Este proceso de referencia, con ausencia absoluta de manipulación de reglas, es precisamente lo que vemos en las personas sordas lingüísticamente deficientes. Su lenguaje, su organización léxica, es como la de los individuos con habla del hemisferio derecho. Esta condición suele acompañar a lesiones del hemisferio izquierdo que aparecen en una etapa tardía de la vida, pero podría también surgir como un percance del desarrollo, al no producirse el paso de la actividad léxica inicial del hemisferio derecho a la actividad lingüística madura sintácticamente desarrollada del hemisferio izquierdo.

¿Hay alguna prueba de que suceda esto en concreto con individuos sordos lingüísticamente deficientes que no alcanzan la capacidad plena?
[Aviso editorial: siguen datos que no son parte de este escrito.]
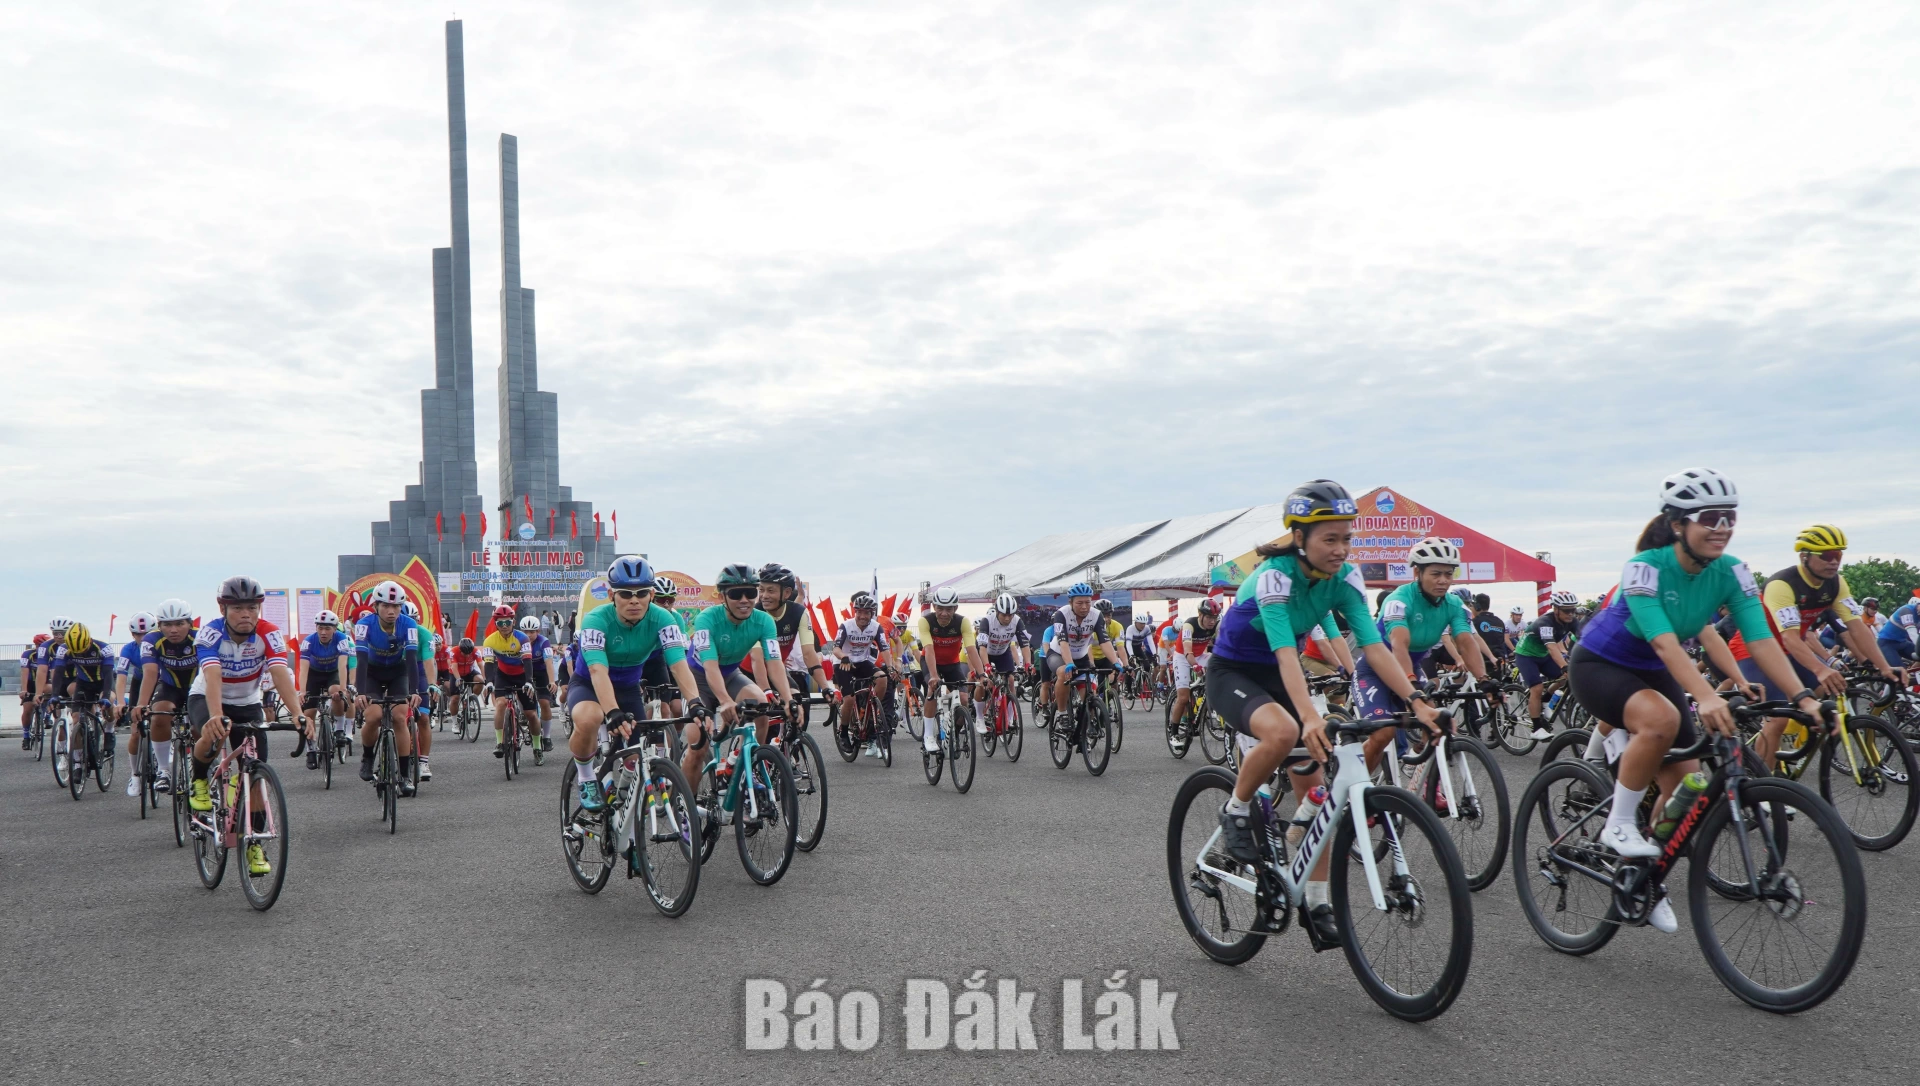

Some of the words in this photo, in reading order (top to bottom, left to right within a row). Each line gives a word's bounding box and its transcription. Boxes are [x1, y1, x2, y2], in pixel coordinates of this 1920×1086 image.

Lenneberg se preguntaba si no habría un elevado número de sordos congénitos con lateralización cerebral poco asentada, a pesar de que por entonces (1967) no se había hecho aún una diferenciación precisa de los caracteres y capacidades léxicas diferenciales de los hemisferios en condiciones de aislamiento. Neville, que ha abordado el problema desde su punto de vista neurofisiológico, escribe: «Si la experiencia del lenguaje influye en el desarrollo cerebral, tiene que haber aspectos de la especialización cerebral diferentes en los sujetos sordos y en los oyentes cuando lean en inglés». De hecho comprobó que en la mayoría de los sordos a los que investigó no aparecía el tipo de especialización del hemisferio izquierdo que se observaba en los oyentes. Y pensó que esto se debía a que no tenían una competencia gramatical plena en inglés. Luego constató que cuatro sujetos sordos congénitos que dominaban perfectamente la gramática inglesa mostraban una especialización «normal» del hemisferio izquierdo. Dedujo, en consecuencia, que «la competencia gramatical es condición necesaria y suficiente para la especialización del hemisferio izquierdo… si se alcanza pronto».

Las descripciones fenomenológicas de Rapin y Schlesinger y los datos neurofisiológicos y de conducta de Neville muestran claramente que la experiencia del lenguaje puede alterar de forma notoria el desarrollo cerebral, y que una deficiencia grave en ella, o aberrante en cualquier sentido, puede retrasar la maduración del cerebro e impedir un normal desarrollo del hemisferio izquierdo, limitando así al individuo a un tipo de lenguaje del hemisferio derecho.[124]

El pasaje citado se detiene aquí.